Molly was a true outback pioneer. She and her husband,, Malcolm “Mac” Clark, ran the Andado cattle station in the Northern Territory from 1955. They worked hard to build a successful business and earn enough money to own the station outright. Sadly, tragedy struck in 1978 when Mac died in an aircraft accident and in 1979 when their eldest son was killed when his truck collided with a freight train. Molly continued to run the station, but fate dealt her another blow when the station was one of the first to be tested for tuberculosis. When traces of TB were found, her entire stock had to be destroyed. There was no compensation or insurance policy to cushion her from the loss and in 1984 she lost the property they had worked so hard to own. It was sold for a pittance. Not one to give up easily, three years later Molly was back. Not in the new homestead that had been built, but having secured a lease around Old Andado, the original property homestead. She lived there for almost thirty years, welcoming travellers who visited and wanted to experience a little of the true outback life.
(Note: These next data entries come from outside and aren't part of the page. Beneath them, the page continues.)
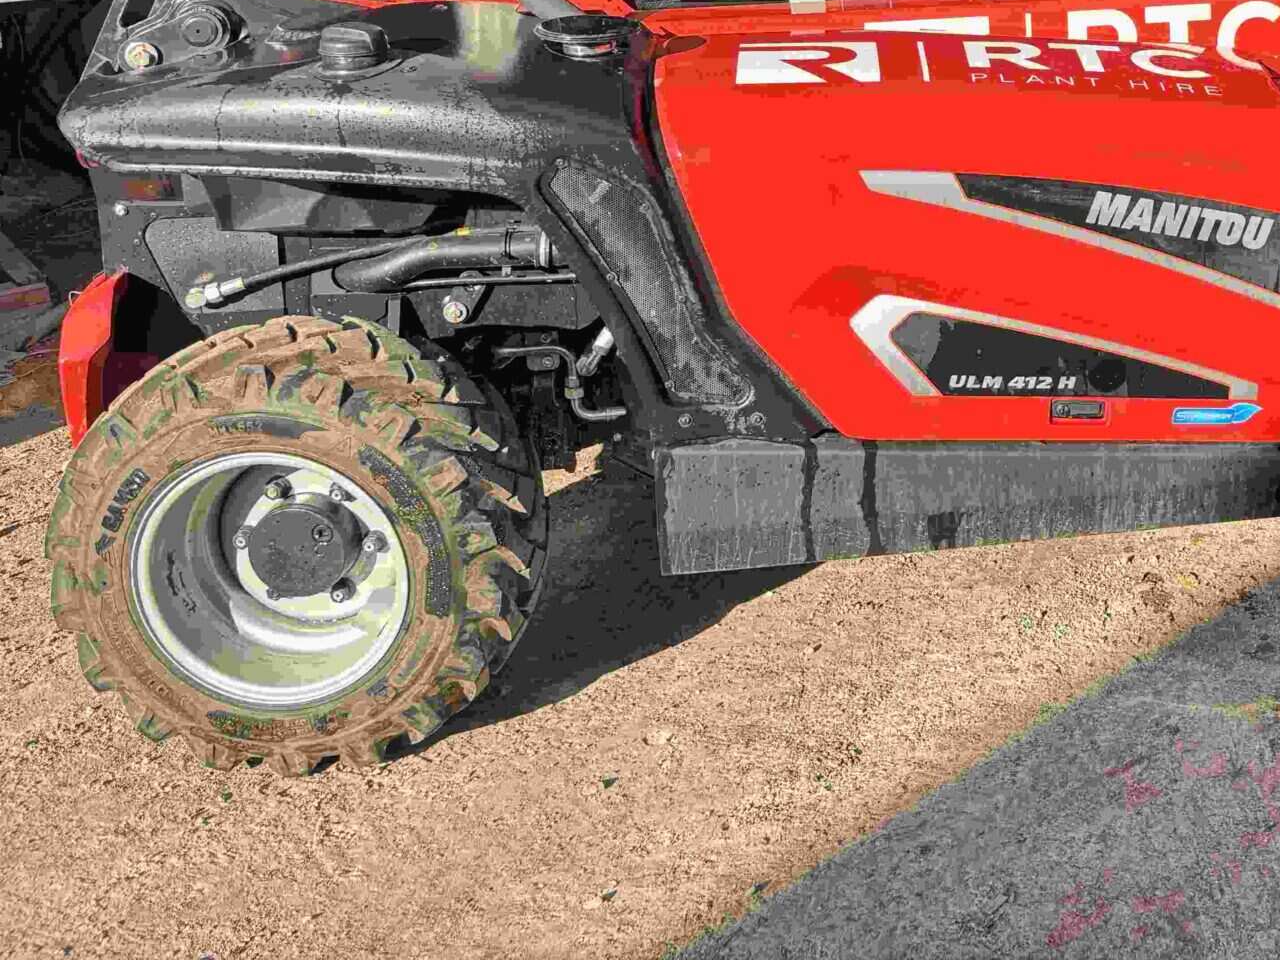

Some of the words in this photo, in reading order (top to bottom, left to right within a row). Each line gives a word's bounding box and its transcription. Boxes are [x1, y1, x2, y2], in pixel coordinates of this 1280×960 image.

[962, 41, 1212, 79] RTC
[970, 72, 1101, 88] PLANT
[1129, 79, 1223, 97] HIRE
[1085, 190, 1275, 251] MANITOU
[949, 374, 1003, 389] ULM
[1007, 375, 1053, 390] 412
[1058, 375, 1078, 389] H
Molly died in 2012 and left the property to her five grandchildren who set up a trust to retain the property. Some of our group had met Molly on their last visit and we now planned to return to pay our respects. The house has been retained exactly as Molly left it and gives a unique insight into the reality of living in the outback.
The next morning we set out on the road to Molly’s place. The red clay roads were deeply rutted and no one was surprised when after kilometres of picking a track through the damaged road surface a sign announced “Four Wheel Drive Recommended”.
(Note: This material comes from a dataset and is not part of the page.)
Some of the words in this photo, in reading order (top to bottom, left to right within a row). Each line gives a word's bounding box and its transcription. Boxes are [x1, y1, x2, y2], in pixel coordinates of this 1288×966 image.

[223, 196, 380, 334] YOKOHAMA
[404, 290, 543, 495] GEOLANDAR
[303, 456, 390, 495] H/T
We crossed the border from South Australia to the Northern Territory and followed the track through a working cattle station. We were still on the margins of the Simpson Desert, but as we drove further into The Territory, the land grew greener and greener. Lush paddocks dotted with trees, it suggested parkland rather than an arid desert.
“This is no way to show the outback!”, exclaimed Olive. Having seen this area in drier times, she was afraid we would get the wrong idea and imagine that the arid country always looked this way. The miracle of good rains had revealed the underlying fertility of the red clay. The cattle had shiny, glossy coats and were alert and happy. Grasses, wildflowers and trees were all growing fast in the warmth and the wet.
We drove through red clay pans that were tinged with green and even had to splash our way through pools of water covering the track. The clear blue sky and clay red land reflected in the water caught my painterly eye and I longed to set up an easel and capture the colour combinations. A photo had to do.
When we finally reached Molly’s place at Old Andado and looked down over the property, we were expecting tragedy but found a verdant paradise. The overall impression was of a fertile coffee plantation in some exotic land and not an arid Australian cattle station where it was a battle to survive. Such is the power of life-giving rain.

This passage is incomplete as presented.